Finally an adventure worthy of a blog.  And a bank holiday Monday of rest meant I spent far too much time writing it.  If you get to the end I’ll be impressed!

The preparation

Sunday 18th September – Chad texts Rory: fancy the West Highland Way next wknd? – i’ve got the fri/mon off.

Rory: Yes, I’ll call you tomorrow.

We speak the next day and Rory emphasizes that he wants to make it an endurance exercise, self sufficient and only sleeping when absolutely necessary.  I am reluctant, but agree because he sounds so excited.

Wed 21st Sept – Rory texts Chad: Want to come round tonight to sort kit and food for the wknd? I agree.  I speak to colleagues at work who have done the walk and they stress that 4 days is not a long time to do it in, and may not be much fun.  I look at the route for the first time, and agree.
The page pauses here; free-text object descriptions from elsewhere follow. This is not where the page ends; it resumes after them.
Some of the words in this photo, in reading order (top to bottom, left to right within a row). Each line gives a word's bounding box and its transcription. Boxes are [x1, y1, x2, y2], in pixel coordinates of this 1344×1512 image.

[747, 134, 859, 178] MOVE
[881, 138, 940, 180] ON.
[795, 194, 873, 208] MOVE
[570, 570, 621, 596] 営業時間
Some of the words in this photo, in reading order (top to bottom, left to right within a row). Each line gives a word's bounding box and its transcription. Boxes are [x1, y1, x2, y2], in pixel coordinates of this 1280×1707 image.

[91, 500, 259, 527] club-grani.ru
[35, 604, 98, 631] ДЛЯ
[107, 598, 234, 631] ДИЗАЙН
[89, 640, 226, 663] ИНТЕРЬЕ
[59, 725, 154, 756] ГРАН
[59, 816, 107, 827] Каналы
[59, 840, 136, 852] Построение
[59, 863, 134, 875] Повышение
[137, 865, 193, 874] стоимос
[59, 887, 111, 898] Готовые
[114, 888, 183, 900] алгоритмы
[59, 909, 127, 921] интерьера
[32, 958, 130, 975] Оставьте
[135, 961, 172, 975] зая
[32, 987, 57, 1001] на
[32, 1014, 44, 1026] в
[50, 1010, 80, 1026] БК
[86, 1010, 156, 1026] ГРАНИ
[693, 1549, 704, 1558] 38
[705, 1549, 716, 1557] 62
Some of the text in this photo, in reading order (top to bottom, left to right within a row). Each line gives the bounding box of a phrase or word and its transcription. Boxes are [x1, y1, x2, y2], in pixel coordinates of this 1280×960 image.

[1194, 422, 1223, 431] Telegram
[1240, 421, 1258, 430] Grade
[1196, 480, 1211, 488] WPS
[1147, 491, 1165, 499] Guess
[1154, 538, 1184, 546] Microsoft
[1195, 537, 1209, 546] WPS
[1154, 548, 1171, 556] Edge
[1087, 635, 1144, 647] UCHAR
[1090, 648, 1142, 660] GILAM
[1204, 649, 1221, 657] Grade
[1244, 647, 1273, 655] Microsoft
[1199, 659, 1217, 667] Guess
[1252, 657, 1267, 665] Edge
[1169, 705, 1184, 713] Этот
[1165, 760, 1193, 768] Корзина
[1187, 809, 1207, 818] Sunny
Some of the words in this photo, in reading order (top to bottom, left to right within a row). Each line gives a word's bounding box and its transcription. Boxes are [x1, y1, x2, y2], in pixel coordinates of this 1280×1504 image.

I work on my argument to convince Rory to bike the first section to Crianlarich overnight, then walk the rest over the Saturday/Sunday.

Pre-adventure meeting – I arrive that night at Rory’s, where his kit is neatly organised on his bed, each bit of kit individually wrapped, pre-made portions of tea/coffee, tablets, and a kit list written to ensure not one gram is taken unless absolutely necessary.  I catch glimpse of his toothbrush – he has chopped off the bristle head and disgarded the handle.  I piss myself laughing, but agree it’s a good idea.  I wait for my moment, and attack with my suggestion to bike the first section.  He doesn’t like it.  The anticipated excuse is first, he’s only got a hybrid bike – it’s a fair point.  I suggest driving my van up friday day time, getting the train back down to Glasgow to set off, then when we get to Crianlarich we can shove the bikes in the car and crack on, on foot.  The pre-meditated plan seems to be working, he’s thinking.  The faff/ sync / transition is appealing to his military side.  He reluctantly agrees.  He suggests taking minimal kit – no tents etc, I don’t like it, but agree to think about it as a compromise.

Thurs 22nd Sept, Rory Texts Chad: I think we should bike the whole route, will phone you later.

Chad: Furry muff, doesn’t bother me fella.

Fri 23rd September. Chad: I’m also thinking about just not taking sleeping bags etc, what u think?

Rory: That would cut 3kg off the bags – makes it all easier. Minimum kit.

7pm, Rory: Ready?  Chad: No ( I had been off work all day – yet still I was faffing)

 

The journey

19:00: After an all day faff session, and fall out with girlfriend, Chad finally mounts his steed, in a dire mental state.  Even cycling along great western road to meet Rory at Gartnaval, is taxing on the legs.  True to form, Rory is waiting for my late arrival, as has come to be expected whenever faff is involved.  The two of us share heavier items between us, in what should have been the last pre-adventure faff.  I try to tell Rory of my woes, but he’s so excited about the journey ahead he tells me to man up.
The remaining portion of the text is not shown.